Data extracted from a collection:
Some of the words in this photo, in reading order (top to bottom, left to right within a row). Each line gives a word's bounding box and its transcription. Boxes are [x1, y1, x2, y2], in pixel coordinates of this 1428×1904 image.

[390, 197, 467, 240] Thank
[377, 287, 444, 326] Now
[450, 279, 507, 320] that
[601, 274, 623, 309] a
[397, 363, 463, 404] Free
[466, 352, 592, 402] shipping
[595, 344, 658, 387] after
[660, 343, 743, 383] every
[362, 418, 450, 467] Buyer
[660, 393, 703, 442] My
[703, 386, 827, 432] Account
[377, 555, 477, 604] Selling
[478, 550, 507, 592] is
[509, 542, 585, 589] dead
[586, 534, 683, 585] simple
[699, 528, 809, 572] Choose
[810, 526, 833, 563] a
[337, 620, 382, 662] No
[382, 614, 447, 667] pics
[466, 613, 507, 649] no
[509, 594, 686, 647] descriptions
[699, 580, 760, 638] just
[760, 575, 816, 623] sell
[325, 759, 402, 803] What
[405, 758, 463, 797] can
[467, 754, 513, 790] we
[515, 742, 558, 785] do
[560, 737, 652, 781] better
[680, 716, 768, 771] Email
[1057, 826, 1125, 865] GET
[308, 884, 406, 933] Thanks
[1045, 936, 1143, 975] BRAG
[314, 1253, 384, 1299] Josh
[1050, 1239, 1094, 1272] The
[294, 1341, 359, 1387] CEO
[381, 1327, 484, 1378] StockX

* _Problem to solve_: The full data, repeated exactly, is the only acceptable output.

* _Output_:
Some of the words in this photo, in reading order (top to bottom, left to right within a row). Each line gives a word's bounding box and its transcription. Boxes are [x1, y1, x2, y2], in pixel coordinates of this 1428×1904 image.

[390, 197, 467, 240] Thank
[377, 287, 444, 326] Now
[450, 279, 507, 320] that
[601, 274, 623, 309] a
[397, 363, 463, 404] Free
[466, 352, 592, 402] shipping
[595, 344, 658, 387] after
[660, 343, 743, 383] every
[362, 418, 450, 467] Buyer
[660, 393, 703, 442] My
[703, 386, 827, 432] Account
[377, 555, 477, 604] Selling
[478, 550, 507, 592] is
[509, 542, 585, 589] dead
[586, 534, 683, 585] simple
[699, 528, 809, 572] Choose
[810, 526, 833, 563] a
[337, 620, 382, 662] No
[382, 614, 447, 667] pics
[466, 613, 507, 649] no
[509, 594, 686, 647] descriptions
[699, 580, 760, 638] just
[760, 575, 816, 623] sell
[325, 759, 402, 803] What
[405, 758, 463, 797] can
[467, 754, 513, 790] we
[515, 742, 558, 785] do
[560, 737, 652, 781] better
[680, 716, 768, 771] Email
[1057, 826, 1125, 865] GET
[308, 884, 406, 933] Thanks
[1045, 936, 1143, 975] BRAG
[314, 1253, 384, 1299] Josh
[1050, 1239, 1094, 1272] The
[294, 1341, 359, 1387] CEO
[381, 1327, 484, 1378] StockX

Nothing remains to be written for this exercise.